== What is being asked ==
For the entries below, print exactly the lines between the line holding "Some of the text" and the line holding "this 1280×960 image.", inclusive, and nothing else.

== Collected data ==

◇ ◇ ◇ ◇ ◇

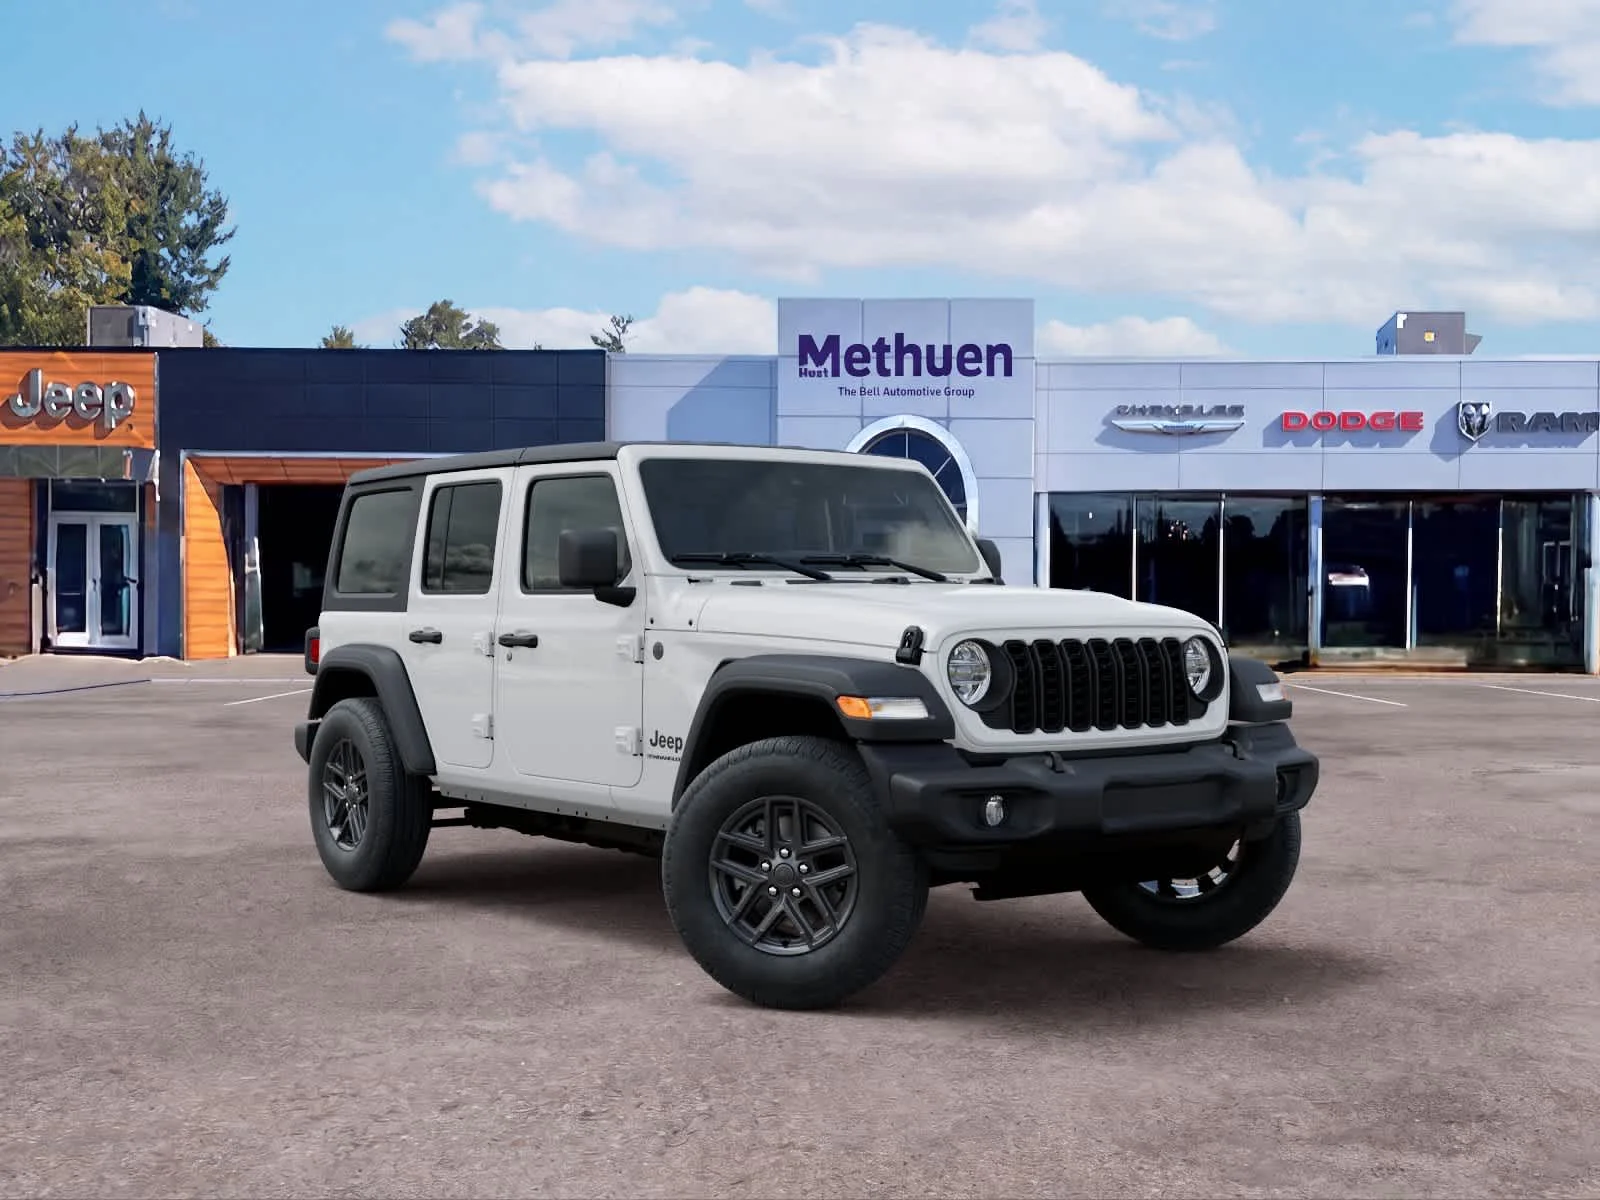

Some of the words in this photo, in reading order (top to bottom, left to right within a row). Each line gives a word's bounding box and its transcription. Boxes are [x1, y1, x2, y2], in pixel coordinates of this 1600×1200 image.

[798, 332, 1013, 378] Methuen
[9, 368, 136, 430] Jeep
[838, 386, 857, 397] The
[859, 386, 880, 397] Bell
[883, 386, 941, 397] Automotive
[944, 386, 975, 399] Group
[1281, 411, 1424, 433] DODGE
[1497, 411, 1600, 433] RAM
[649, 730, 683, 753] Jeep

◇ ◇ ◇ ◇ ◇

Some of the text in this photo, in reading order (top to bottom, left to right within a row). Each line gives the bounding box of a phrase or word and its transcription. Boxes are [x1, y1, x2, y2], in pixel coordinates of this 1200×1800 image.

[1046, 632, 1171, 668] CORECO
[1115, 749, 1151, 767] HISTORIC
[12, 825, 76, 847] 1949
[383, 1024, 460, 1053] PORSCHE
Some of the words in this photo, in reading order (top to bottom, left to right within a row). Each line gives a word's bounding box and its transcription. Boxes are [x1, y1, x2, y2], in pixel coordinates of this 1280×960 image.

◇ ◇ ◇ ◇ ◇

== Response below ==
Some of the text in this photo, in reading order (top to bottom, left to right within a row). Each line gives the bounding box of a phrase or word and its transcription. Boxes are [x1, y1, x2, y2], in pixel coordinates of this 1200×1800 image.

[1046, 632, 1171, 668] CORECO
[1115, 749, 1151, 767] HISTORIC
[12, 825, 76, 847] 1949
[383, 1024, 460, 1053] PORSCHE
Some of the words in this photo, in reading order (top to bottom, left to right within a row). Each line gives a word's bounding box and its transcription. Boxes are [x1, y1, x2, y2], in pixel coordinates of this 1280×960 image.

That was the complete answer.